We provide an allowance for doubtful accounts equal to estimated uncollectible receivables. This estimate is based
on the current status of each customers receivable balance as well as current economic and market conditions. Receivables are
written off against the allowance only upon determination that such amounts are not recoverable and all collection attempts
have failed. Our allowance for doubtful accounts also reflects amounts associated with member premiums for the Company’s
Medicare Part D product offerings and amounts for certain supplies reimbursed by government agencies and insurance
companies. We regularly review and analyze the adequacy of these allowances based on a variety of factors, including the age
of the outstanding receivable and the collection history. When circumstances related to specific collection patterns change,
estimates of the recoverability of receivables are adjusted.

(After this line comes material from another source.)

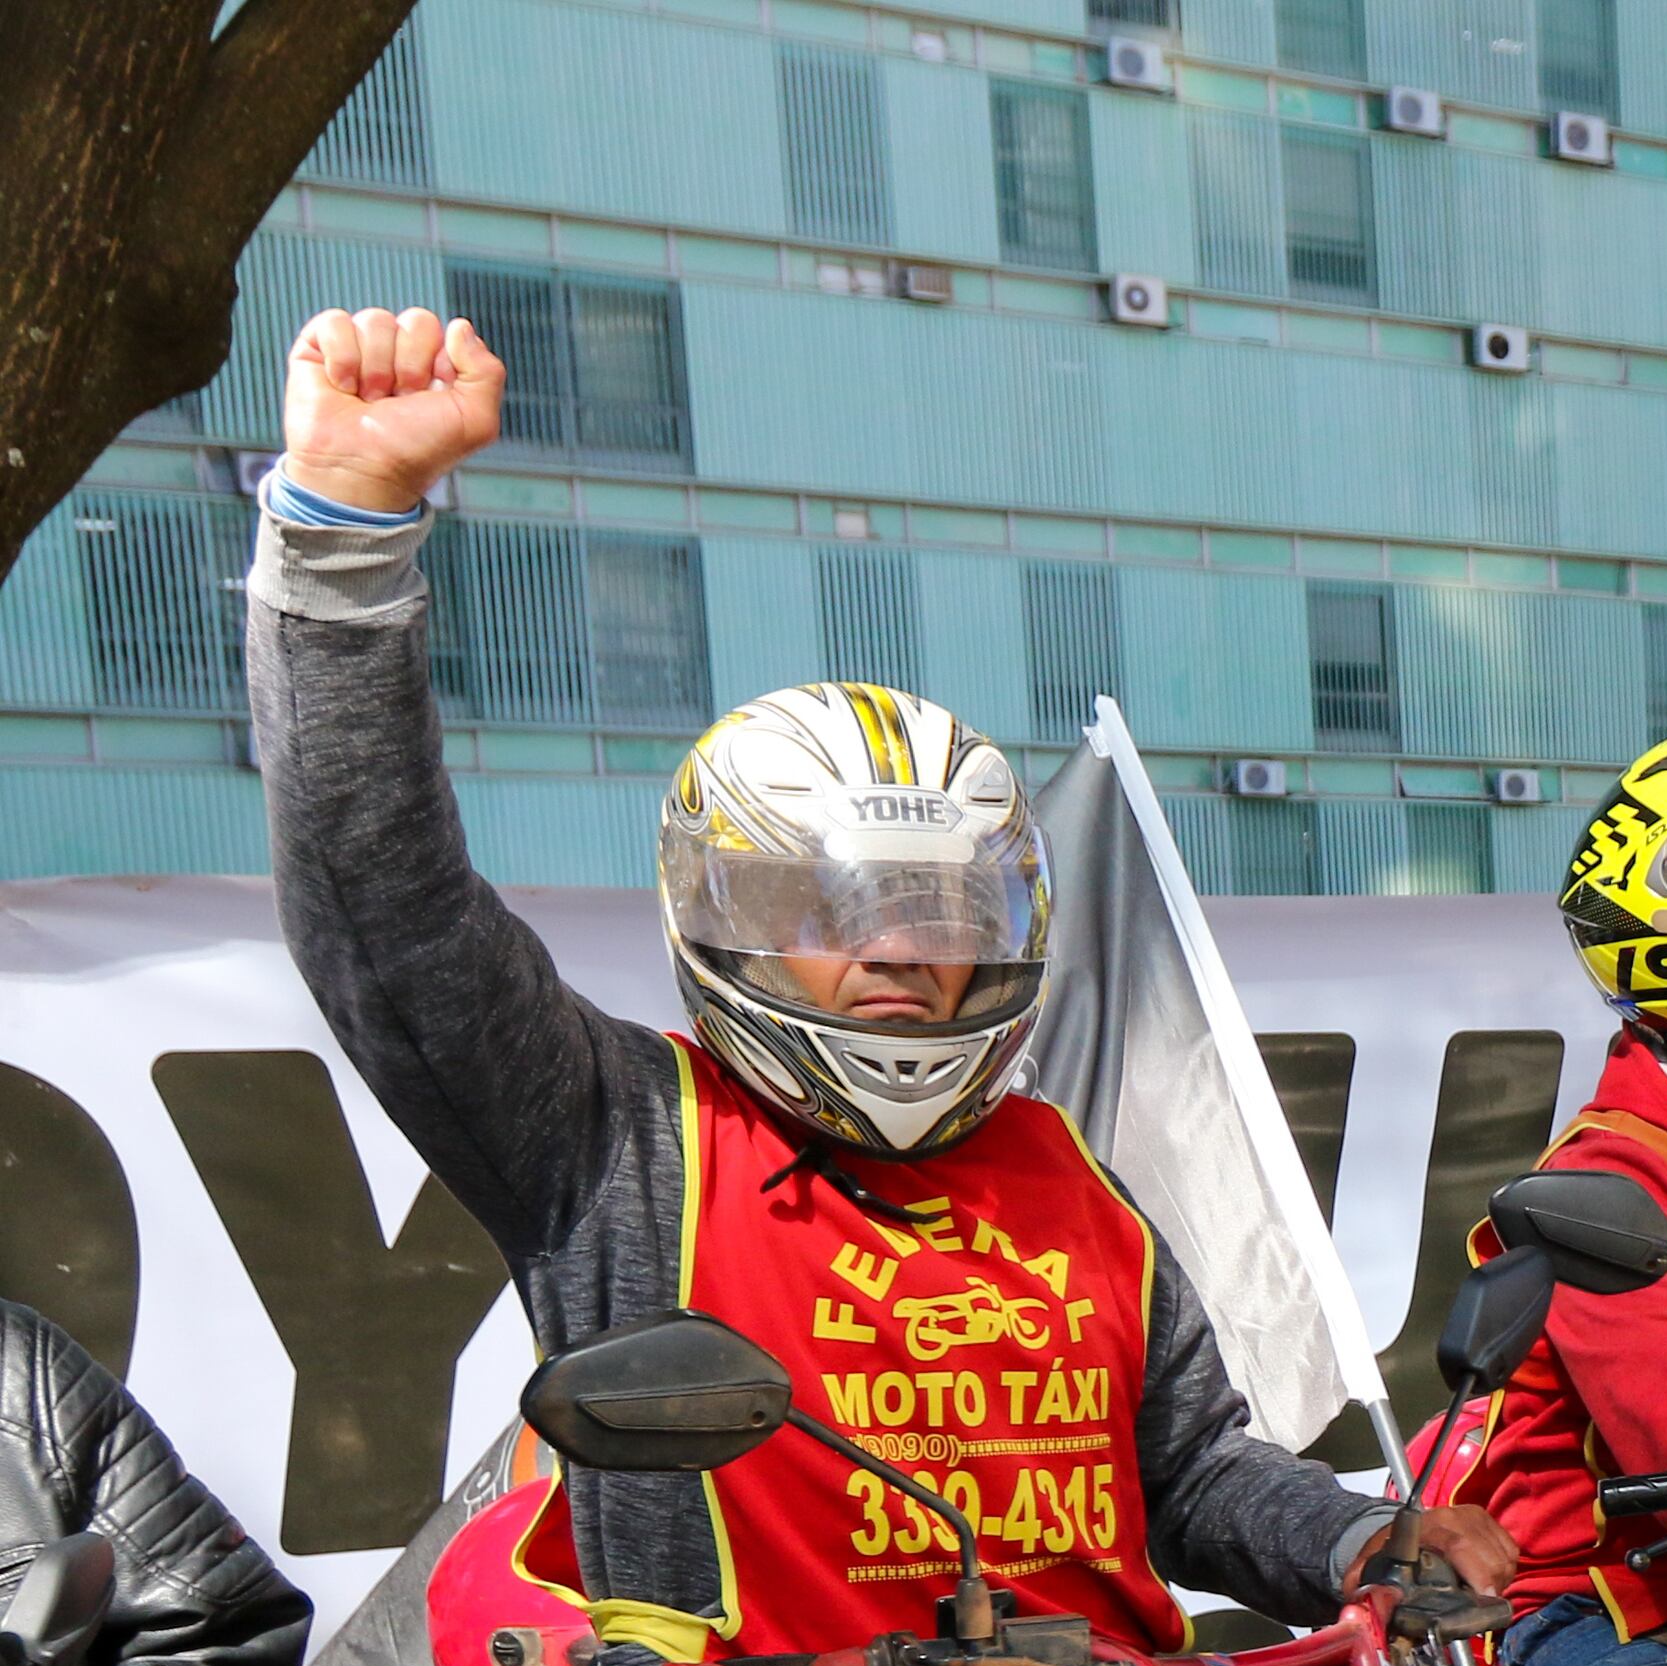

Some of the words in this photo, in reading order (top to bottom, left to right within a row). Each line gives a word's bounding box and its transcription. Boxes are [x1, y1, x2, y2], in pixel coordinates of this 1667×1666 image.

[849, 795, 947, 825] YOHE
[821, 1371, 987, 1428] MOTO
[1000, 1357, 1110, 1425] TÁXI

As of December 31, 2013 and 2012, we have an allowance for doubtful accounts for continuing operations of
$202.2 million and $132.5 million, respectively. As a percent of accounts receivable, our allowance for doubtful accounts for
continuing operations was 4.8% and 2.4% at December 31, 2013 and 2012, respectively. The increase in the allowance for
doubtful accounts is driven by the current status of aged balances of certain of our products and services that tend to have
longer collection periods.
The Company is a provider to State of Illinois employees. As of December 31, 2013 and 2012, the Company had
an outstanding receivable balance of approximately $320.1 million and $308.4 million, respectively, from the State of Illinois.

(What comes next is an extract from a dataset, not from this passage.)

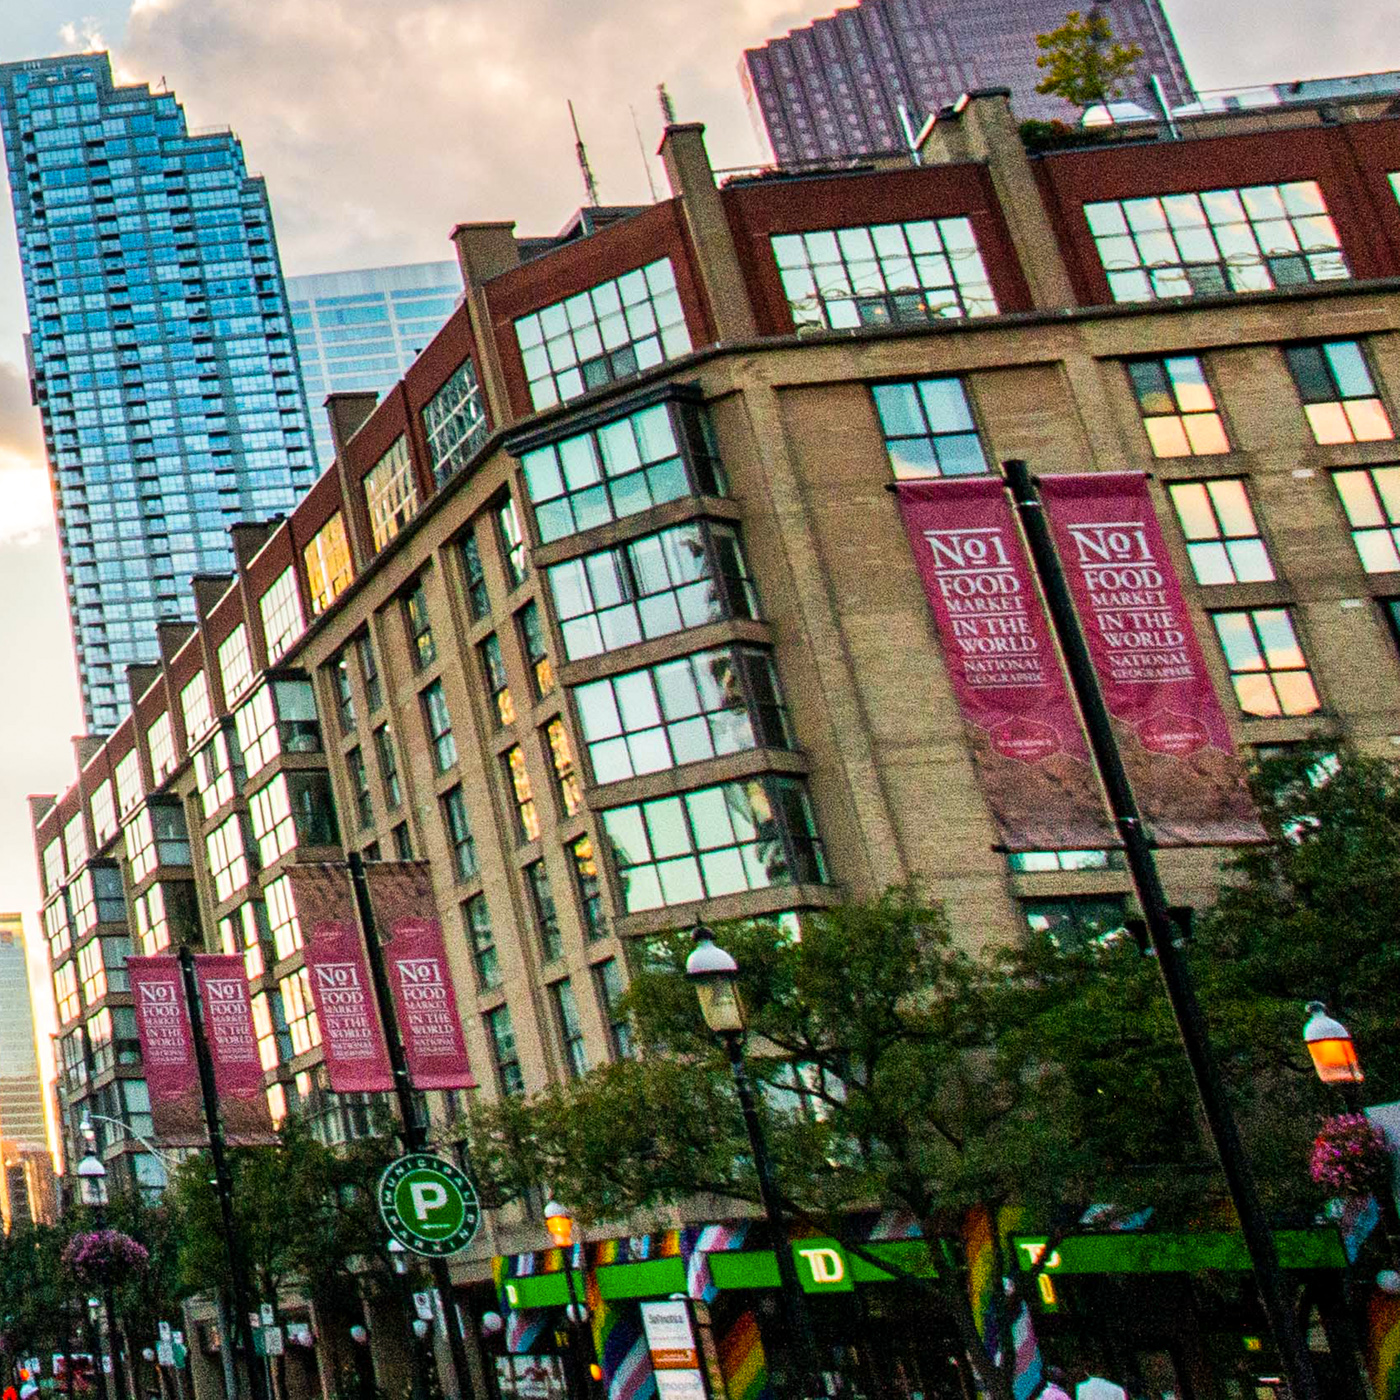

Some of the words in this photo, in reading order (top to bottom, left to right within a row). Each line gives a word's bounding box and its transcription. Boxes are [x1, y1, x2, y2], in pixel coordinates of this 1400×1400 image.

The Company has not recorded a reserve against this receivable, as it is associated with a State, which continues to make
payments. The Company believes that the full receivable balance will be realized.

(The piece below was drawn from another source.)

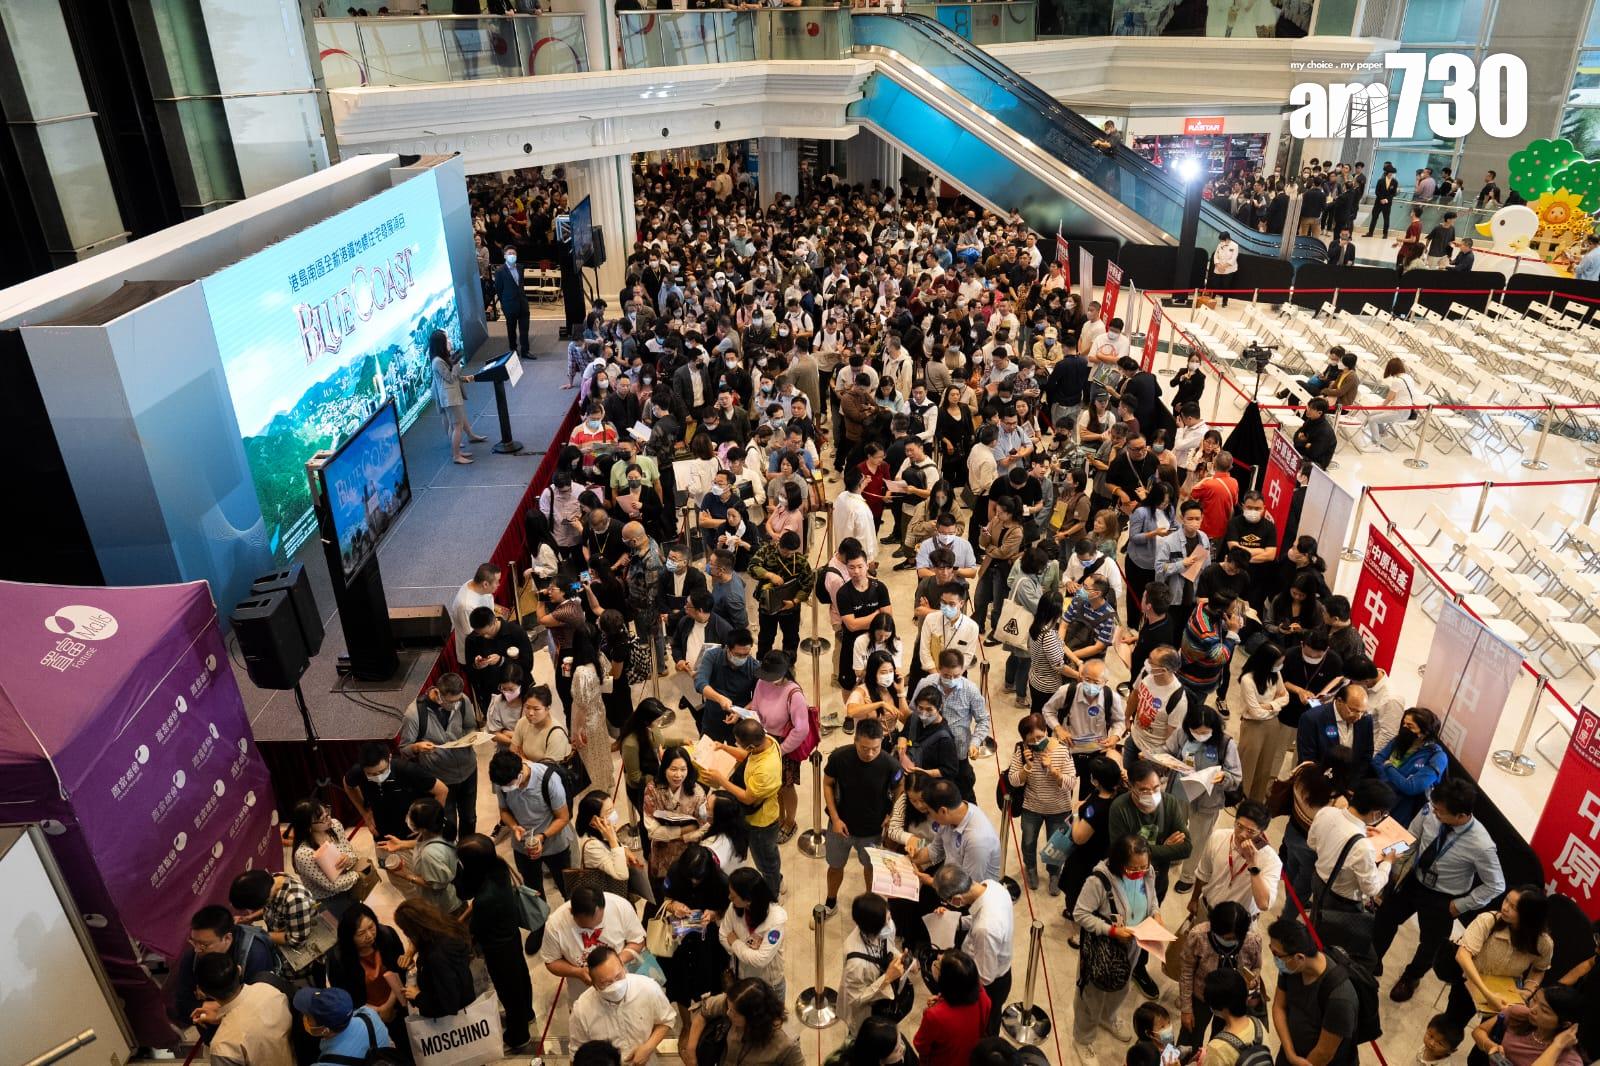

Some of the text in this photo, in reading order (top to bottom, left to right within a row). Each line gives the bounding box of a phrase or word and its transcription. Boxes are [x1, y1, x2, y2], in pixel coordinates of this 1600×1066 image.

[296, 247, 415, 365] BLUE COAST
[1372, 544, 1409, 590] 中原地產
[75, 614, 112, 640] Malls
[421, 1019, 490, 1057] MOSCHINO

Inventories. Inventories consist of prescription drugs and medical supplies which are stated at the lower of first-in
first-out cost or market.
Property and equipment. Property and equipment is carried at cost and is depreciated using the straight-line
method over estimated useful lives of 7 years for furniture and 3 years to 5 years for equipment and purchased computer
software. Buildings are amortized on a straight-line basis over estimated useful lives of 10 to 35 years. Leasehold
improvements are amortized on a straight-line basis over the remaining term of the lease or the useful life of the asset, if
shorter. Expenditures for repairs, maintenance and renewals are charged to income as incurred. Expenditures that improve an
asset or extend its estimated useful life are capitalized. When properties are retired or otherwise disposed of, the related cost
and accumulated depreciation are removed from the accounts and any gain or loss is included in income.
Research and development expenditures relating to the development of software for internal purposes are charged
to expense until technological feasibility is established. Thereafter, the remaining software production costs up to the date
placed into production are capitalized and included as property and equipment. Amortization of the capitalized amounts
commences on the date placed into production and is computed on a product-by-product basis using the straight-line method
over the remaining estimated economic life of the product but not more than 5 years. Reductions, if any, in the carrying value
of capitalized software costs to net realizable value are expensed. With respect to capitalized software costs, we recorded
amortization expense of $205.0 million in 2013, $137.6 million in 2012 and $26.2 million in 2011.
Marketable securities. All investments not included as cash and cash equivalents are accounted for in accordance
with applicable accounting guidance for investments in debt and equity securities. Management determines the appropriate
classification of our marketable securities at the time of purchase and re-evaluates such determination at each balance sheet
date. All marketable securities at December 31, 2013 and 2012 were recorded in other noncurrent assets on our consolidated
balance sheet (see Note 2 - Fair value measurements).